All wrapped up in a neat bundle of brutish malfeasance, pray of those of disonhrartened privilege, while those less fortunate struggle with their own demons, accepting them in silent veneration: realizing that they are but friends of the opposite sort.

They, who never have the chance to get out, where to, privilege runs amok.

Stuck in the unending ghettos of their mind, indelicately , as Emily Dickinson in her garden, literally, to escape those confines.

What? Sentimental nonsense, you say? Or the advent of the new exterminating angel

youtube.com/watch?v=SlfokOQ … be&t=7m50s

You have to watch this^ if you want to understand my brain science video*

I was looking at the creation of the circumstances that might spawn the environment for many mental health conditions to arise in, but I did find your reply very creative…

That double entendre literally is looking for a rational way out of the quandry, of all the unfortumates’, whose insight may not reach that level of inquiry, postulating the theory that insight is at least half way to sanity.

The creativity in terms of trying to figure (spawn)) out those elements giving rise to creating (your terms) non adaptive environments , tend to be successfully understood in terms of that creativity.

That is what appears here by the double entendre.

The other half is where the damaged emotions can ever arise from the depth where things can ever go back to stability.

Milder methods still carry on the pathologizing of individual emotional responses that are normal.

I would focus differently and disagree strongly. The vast majority of psychopharmaceutical suppression of emotions is pathological, but is unfortunately widespread.

Current full disclosure research shows almost no help from psychotropics but significant side effects at high rates. It is a farce. I recommend again Lost Connections.

Karpal,

I do agree with You , however, symptom supression is not primarily pharmaceutical profit related , but the result of lack of success with psychoanalysis. Although sadly. It does play into it.

Psychoanalysis, that is the Freudian approach to psychotherapy, had many limitations. Freud had a lot of insights that have turned out to be true and others that did not, but his approach to the client analyst relation was pretty stiff, distant, mental and not dynamic. A lot of interesting approaches have arisen since his death and most of them outside pyschoanalysis.

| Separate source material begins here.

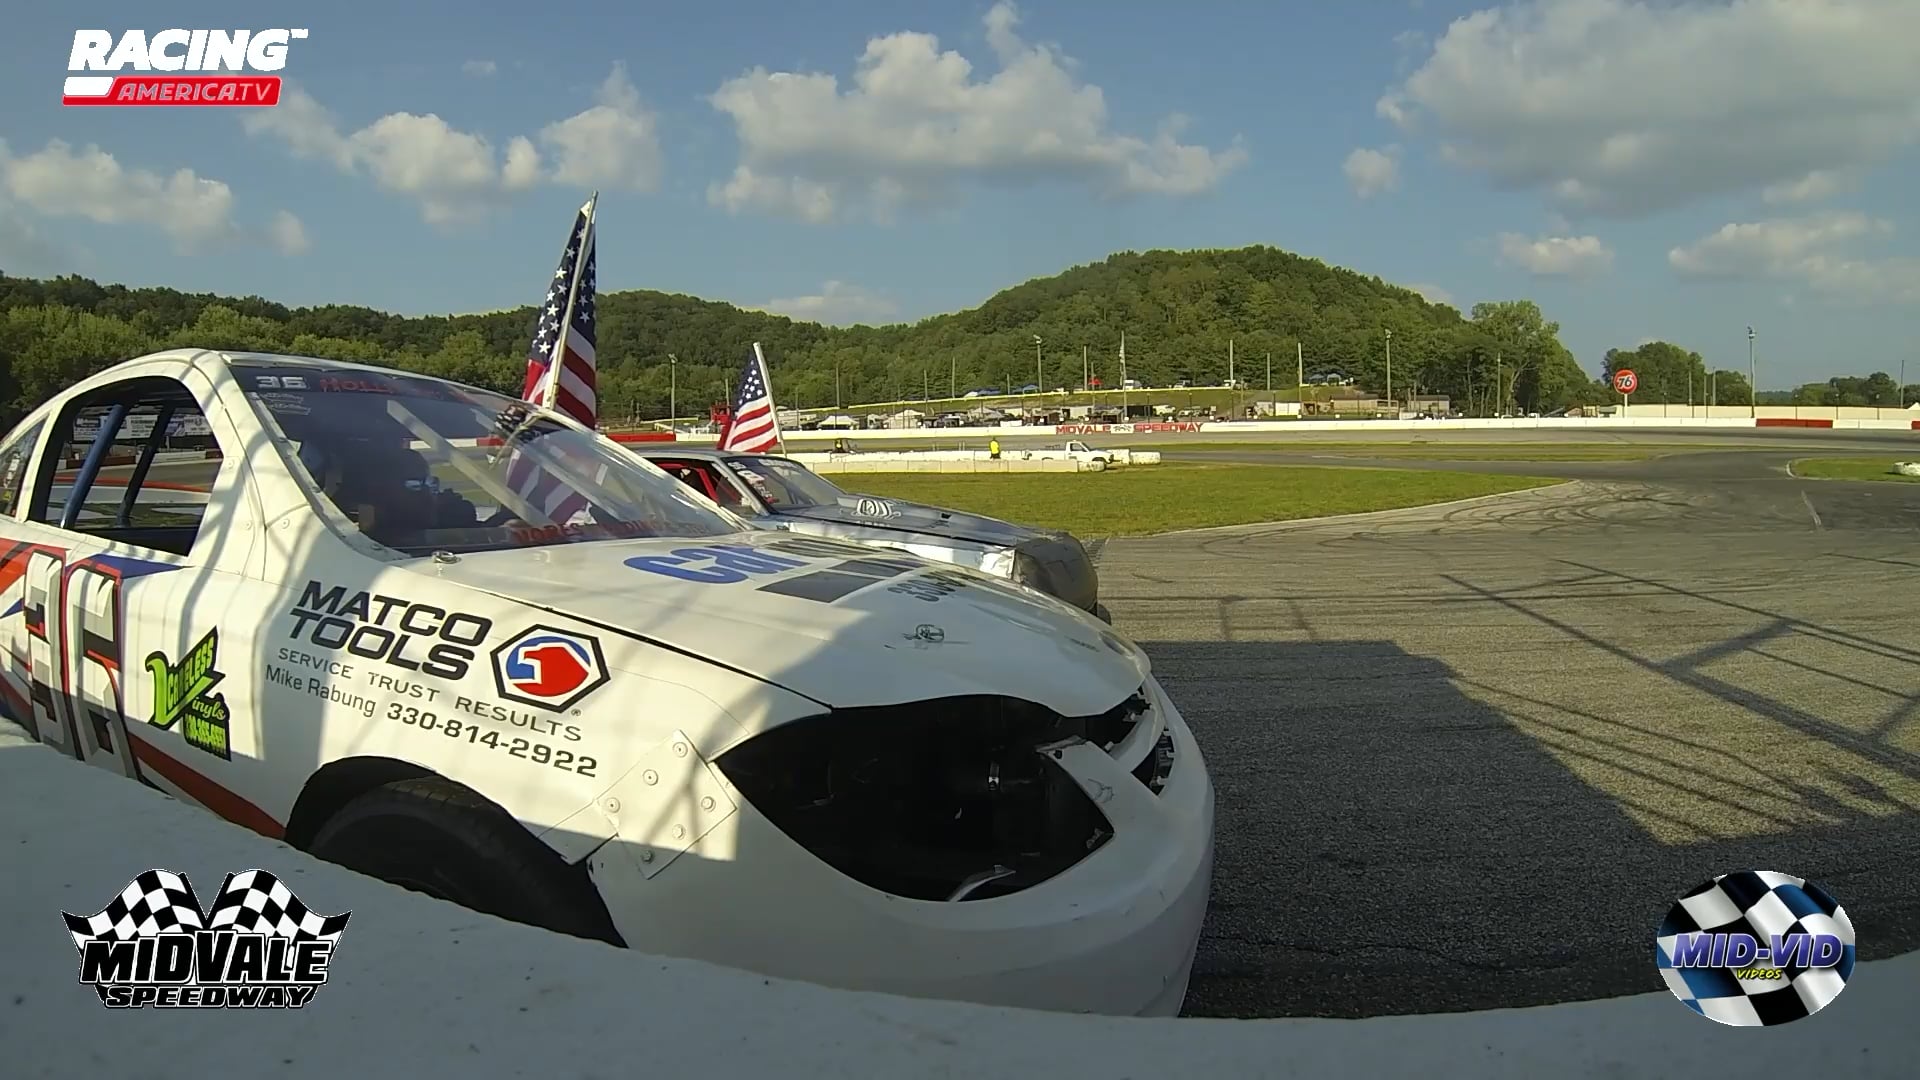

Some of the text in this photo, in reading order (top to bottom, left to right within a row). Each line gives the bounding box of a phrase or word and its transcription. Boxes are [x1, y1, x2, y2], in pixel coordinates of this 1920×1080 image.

It pays to view normal emotional reactions as problems, to individualize the reactions rather than look at things at broader levels: pain related to past traumas, unhealthy extrinsic values, meaningless stressful work, disconnect from nature, social isolation and more. Big Pharma and psychiatry have a vested financial interest in making us think we should have less emotions and that emotional pain has to do with us being broken chemical machines. And they have incredible media power and have brainwashed the public to believe their BS. Now I do not view this as a simple conspiracy. Of course many of the players think they are doing good, and the paradigms that drive them are wider spread and not of their creation. But they make money off it. Lost Connections gives a good overview of what is really causing most of the problems treated by psychotropics and it gives nice references to research supporting both a fundamental critique of Pharma approaches to emotional health and supporting other ways to solve these issues.